Is DeepSeek R1 Basic or Phi 3.5 MoE Instruct open source?
DeepSeek R1 Basic is listed under MIT. Phi 3.5 MoE Instruct is listed under MIT. License labels affect whether you can self-host, redistribute weights, or rely only on hosted APIs, so confirm the upstream license before deployment.
Which is better for reasoning mode, DeepSeek R1 Basic or Phi 3.5 MoE Instruct?

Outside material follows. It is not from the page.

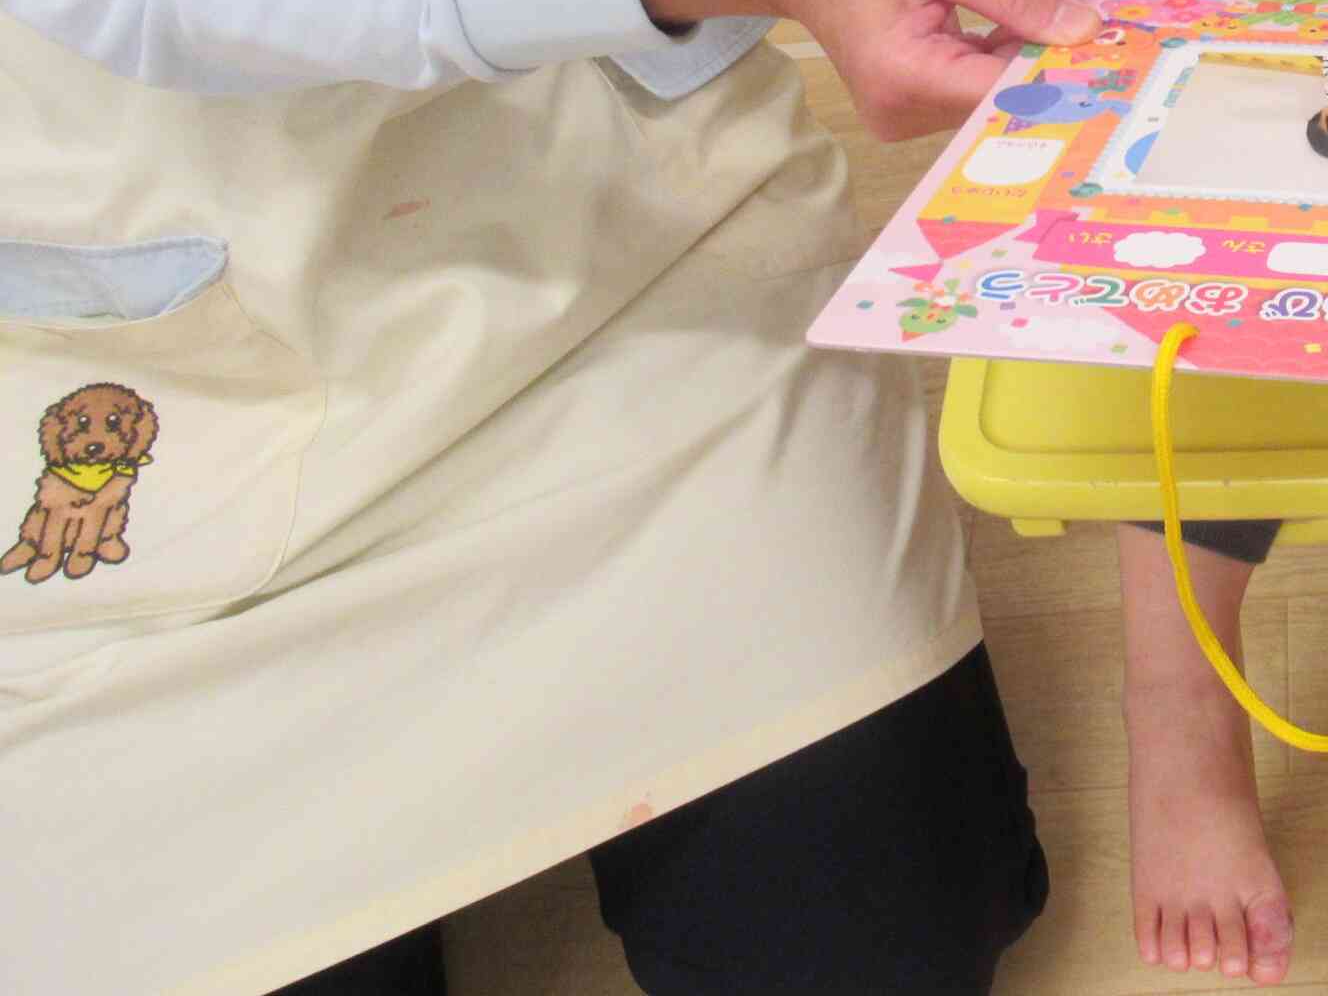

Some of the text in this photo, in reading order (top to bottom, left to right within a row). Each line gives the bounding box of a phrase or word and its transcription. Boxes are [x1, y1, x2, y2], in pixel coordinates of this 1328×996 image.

[1067, 231, 1115, 245] さい
[1222, 238, 1266, 254] さん
[978, 271, 1249, 314] おめでとう

DeepSeek R1 Basic has the clearer documented reasoning mode signal in this comparison. If reasoning mode is mission-critical, validate it against the provider endpoint because model-level support and API-level exposure can differ.
Where can I run DeepSeek R1 Basic and Phi 3.5 MoE Instruct?
DeepSeek R1 Basic is available on Fireworks AI. Phi 3.5 MoE Instruct is available on Fireworks AI. Provider coverage can affect latency, region availability, compliance posture, and fallback options. Use this as a quick comparison signal, then confirm the provider-specific limits before committing to production.
When should I pick DeepSeek R1 Basic over Phi 3.5 MoE Instruct?
DeepSeek R1 Basic is safer overall; choose Phi 3.5 MoE Instruct when provider fit matters. If your workload also depends on reasoning depth, start with DeepSeek R1 Basic; if it depends on provider fit, run the same evaluation with Phi 3.5 MoE Instruct.
Continue comparing
Last reviewed: 2026-05-19. Data sourced from public model cards and provider documentation.